Experiments with Encoding Structured Data for Neural Networks
Sujay Nagesh Koujalgi, Jonathan Dodge
TL;DR
This work tackles AI decision-making in a sequential, partially observable wargaming domain called Battlespace by examining how to encode complex structured data for neural processing. It compares three encodings of the game state, couples Monte Carlo Tree Search with Random exploration, and trains neural-network agents (via a CNN or dense nets) using signals derived from MCTS rollouts within a DQN framework. Key findings show that encoding choice profoundly affects learning, with layered representations reducing orientation biases and improved generalization, while MCTS-driven training faces severe state-space and computation bottlenecks that bias agents toward safe actions.
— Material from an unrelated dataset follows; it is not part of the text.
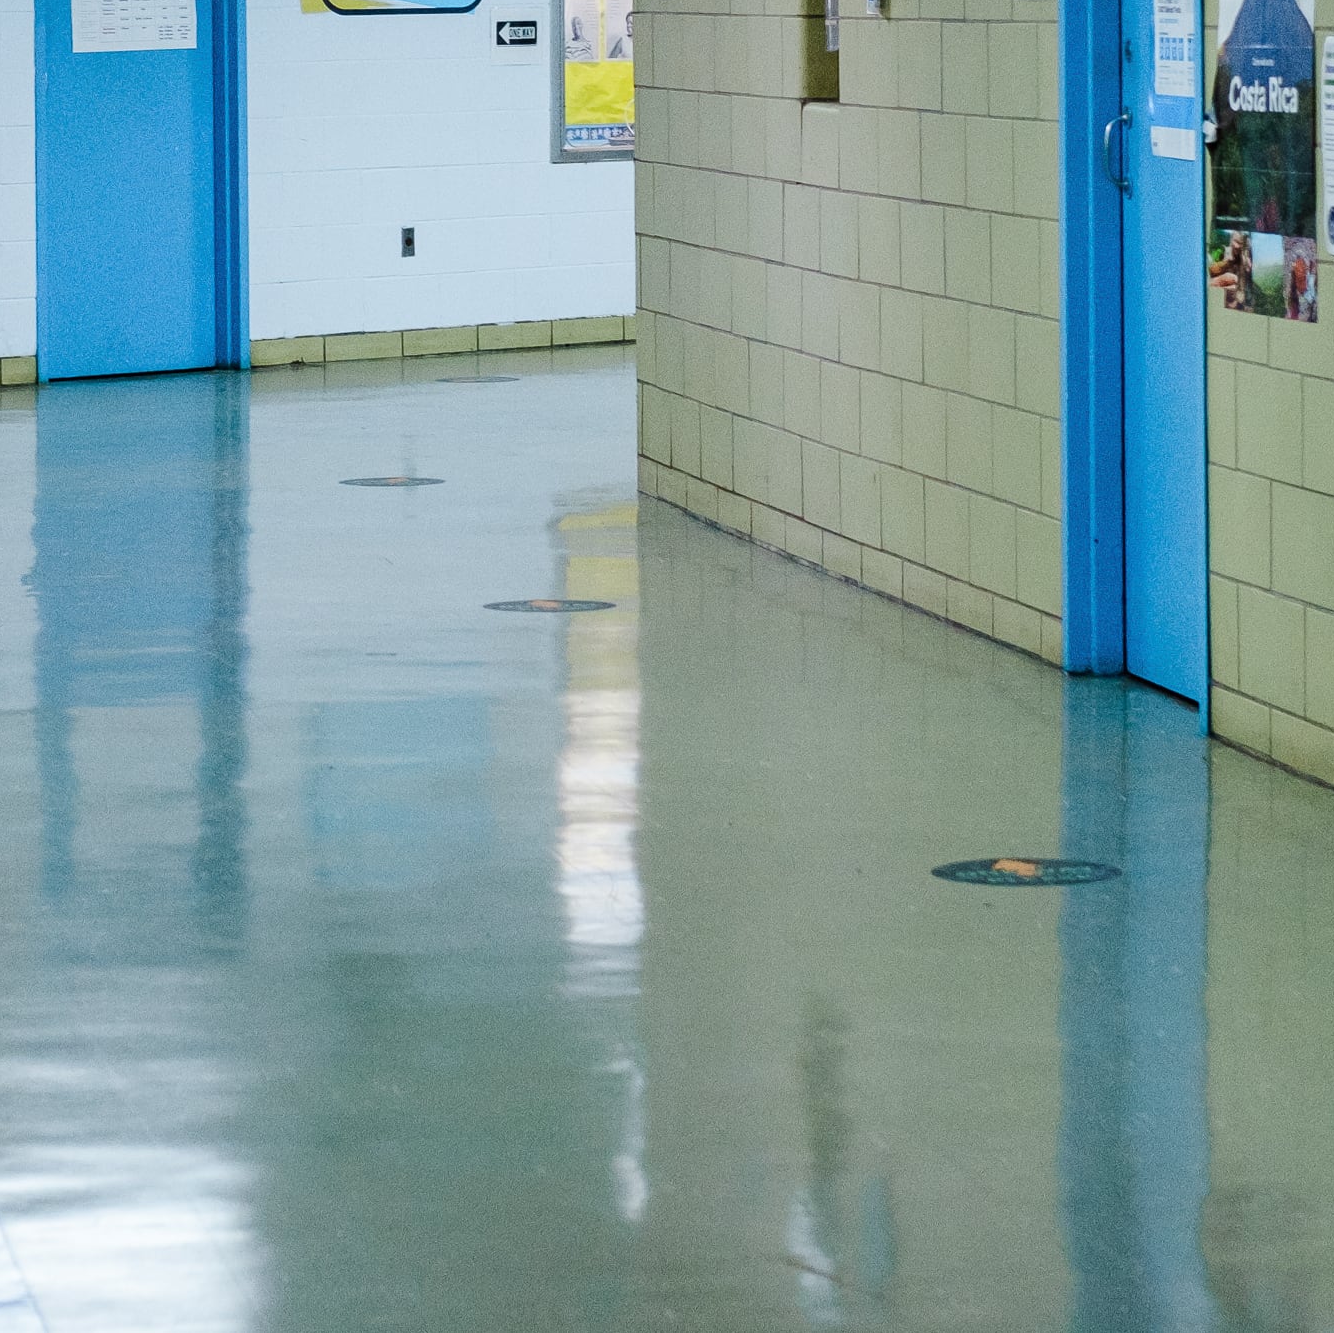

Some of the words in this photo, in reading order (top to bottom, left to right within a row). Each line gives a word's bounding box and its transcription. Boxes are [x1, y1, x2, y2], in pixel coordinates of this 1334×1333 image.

The study suggests future work toward game-theoretic approaches that bypass explicit search trees and toward richer move-history encoding to better capture strategic dynamics in Battlespace, with implications for designing decision-support and intelligent-opponent systems in complex, multi-agent environments.
Abstract
The project's aim is to create an AI agent capable of selecting good actions in a game-playing domain called Battlespace. Sequential domains like Battlespace are important testbeds for planning problems, as such, the Department of Defense uses such domains for wargaming exercises. The agents we developed combine Monte Carlo Tree Search (MCTS) and Deep Q-Network (DQN) techniques in an effort to navigate the game environment, avoid obstacles, interact with adversaries, and capture the flag. This paper will focus on the encoding techniques we explored to present complex structured data stored in a Python class, a necessary precursor to an agent.